- Born: February 12, 1914 Atlantic City, New Jersey, US
- Died: December 18, 2003 (aged 89) Falmouth, Massachusetts, US
- Other names: Tay Hayashi
- Education: Ursinus College University of Missouri
- Spouses: Sally Rexon Sally Browne
- Children: 3 sons, 1 daughter
- Awards: Guggenheim Fellowship (1954)
- Scientific career
- Fields: Cell biology Cell physiology
- Institutions: Columbia University Marine Biological Laboratory
- Thesis: Dilution medium and survival of the spermatozoa of Arbacia punctulata (1943)
- Doctoral advisor: Daniel Mazia
- Other academic advisors: Albert Szent-Györgyi
- Doctoral students: Richard Strohman

= Teru Hayashi =

American cell biologist

Teru "Tay" Hayashi (February 12, 1914 – December 18, 2003) was a Japanese-American cell biologist and physiologist known for his research on the biochemical mechanisms of muscle contraction.

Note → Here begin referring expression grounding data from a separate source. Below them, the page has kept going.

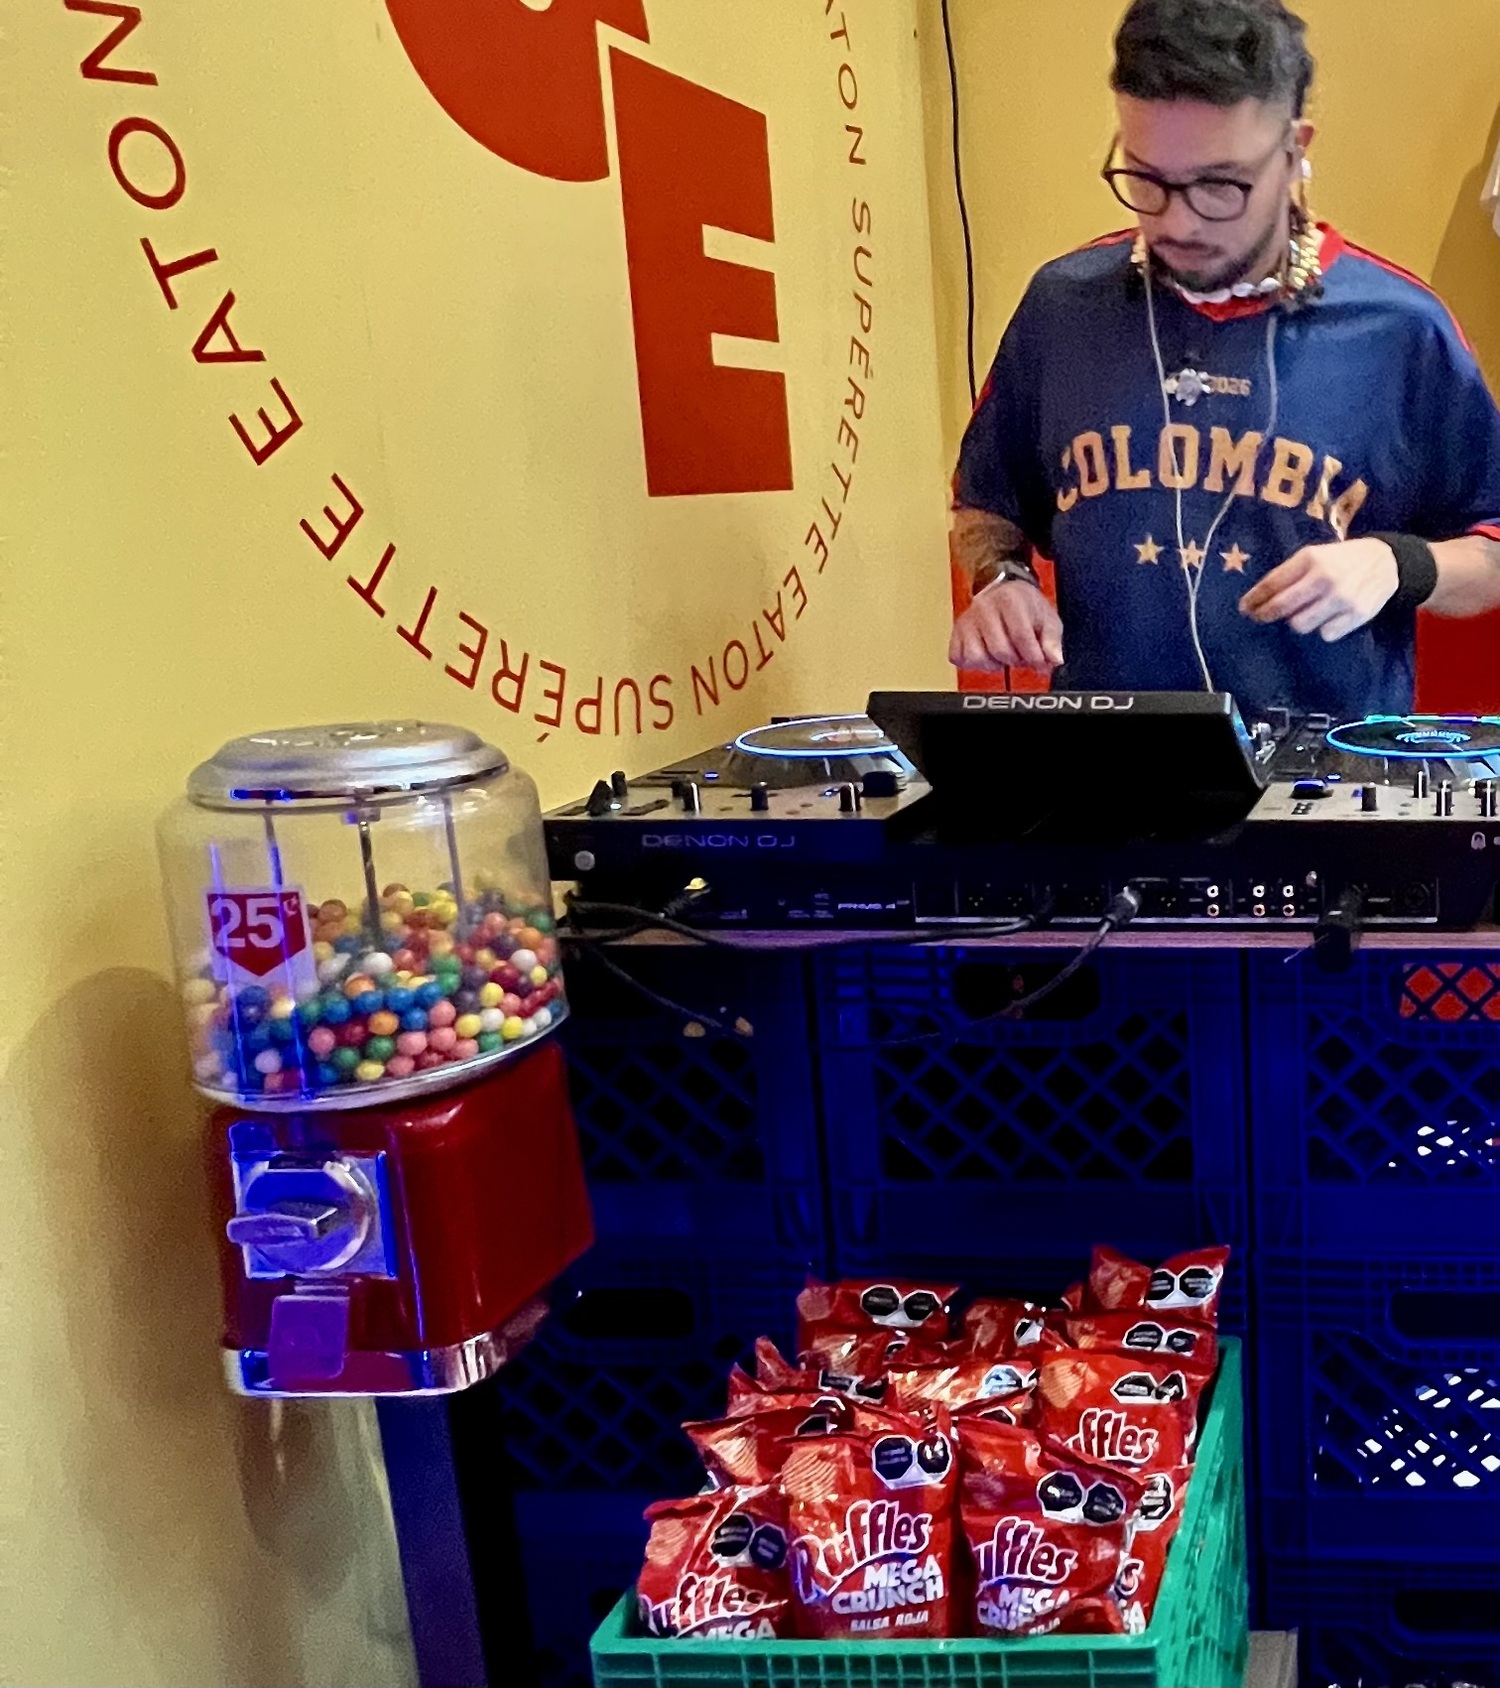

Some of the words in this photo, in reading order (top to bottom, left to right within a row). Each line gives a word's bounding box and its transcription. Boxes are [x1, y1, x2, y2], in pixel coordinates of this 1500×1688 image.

[825, 0, 867, 166] TON
[63, 0, 304, 467] EATON
[804, 197, 874, 576] SUPÉRETTE
[299, 472, 675, 744] SUPÉRETTE
[690, 565, 809, 717] EATON
[963, 696, 1083, 710] DENON
[1090, 696, 1134, 710] DJ
[641, 834, 749, 848] DENON
[757, 834, 796, 848] DJ
[791, 1498, 933, 1605] Ruffles
[863, 1554, 943, 1592] MEGA
[973, 1515, 1079, 1586] uffles
[640, 1571, 769, 1638] uffles
[831, 1576, 945, 1615] CRUNCH

Hayashi was born in 1914 in Atlantic City, New Jersey, where he was raised by Japanese parents. In 1938, he received a physics degree from Ursinus College in Pennsylvania, followed by a Ph.D. in biology from the University of Missouri in 1943. At the University of Missouri, he studied under the supervision of Daniel Mazia.

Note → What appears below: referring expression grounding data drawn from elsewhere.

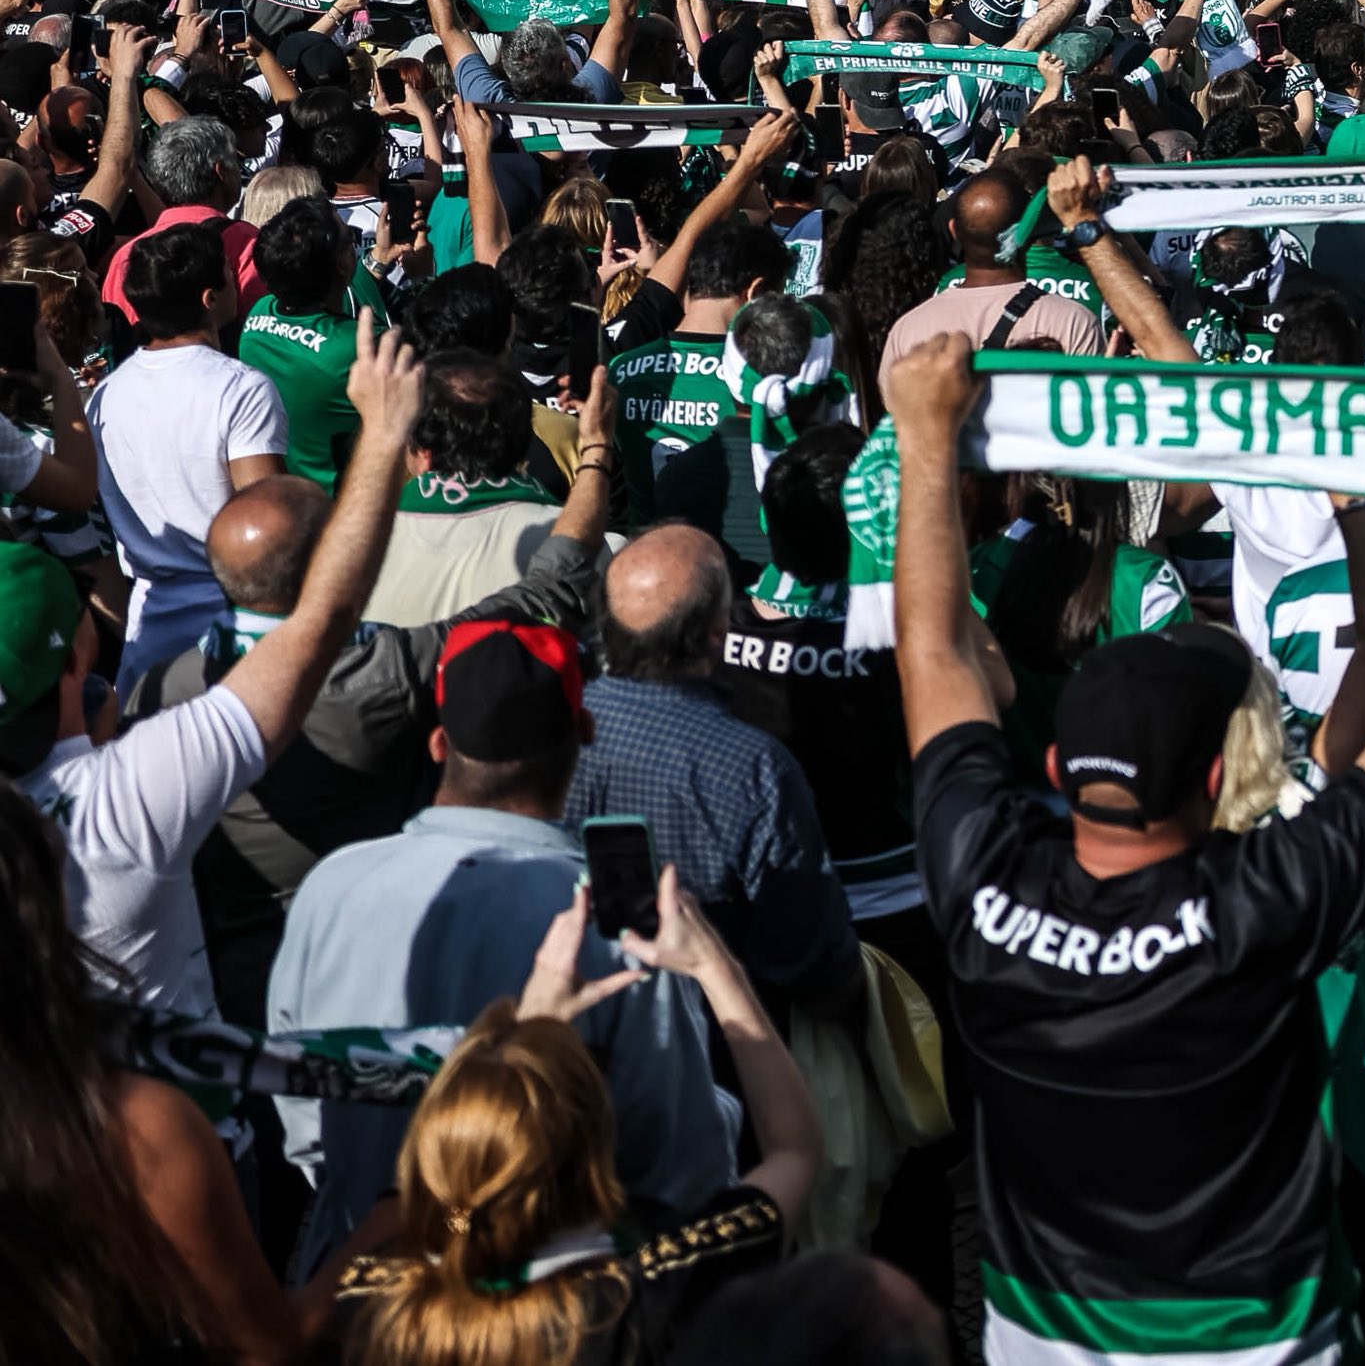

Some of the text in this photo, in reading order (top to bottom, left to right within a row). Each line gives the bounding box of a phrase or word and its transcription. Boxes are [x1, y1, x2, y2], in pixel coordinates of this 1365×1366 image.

[815, 57, 836, 71] EM
[842, 55, 912, 70] PRIMEIRO
[976, 62, 1003, 77] FIM
[616, 352, 681, 381] SUPER
[625, 394, 720, 427] GYÖKERES
[767, 641, 870, 678] BOCK
[972, 884, 1097, 976] SUPER

Hayashi joined the faculty of Columbia University in 1945, eventually becoming full professor and chairman of the biology department there. In 1967, he left Columbia to join the Illinois Institute of Technology, where he founded and subsequently chaired the biology department. He began working at the Marine Biological Laboratory (MBL) in Woods Hole, Massachusetts as an independent investigator in 1948, and later became one of its corporation members and trustees.

Hayashi was a Guggenheim Fellow in 1954 and a Humboldt Fellow in 1974. He was also a Fulbright Scholar in 1954 and 1974. He was a member of the Society of General Physiologists, the American Association for the Advancement of Science, the Biophysical Society, and the Physiological Society. In 2002, the MBL established the Tay Hayashi Lecture in Cell Physiology in his honor.

Hayashi died of esophageal cancer on December 18, 2003, at the Royal Nursing Center in Falmouth, Massachusetts.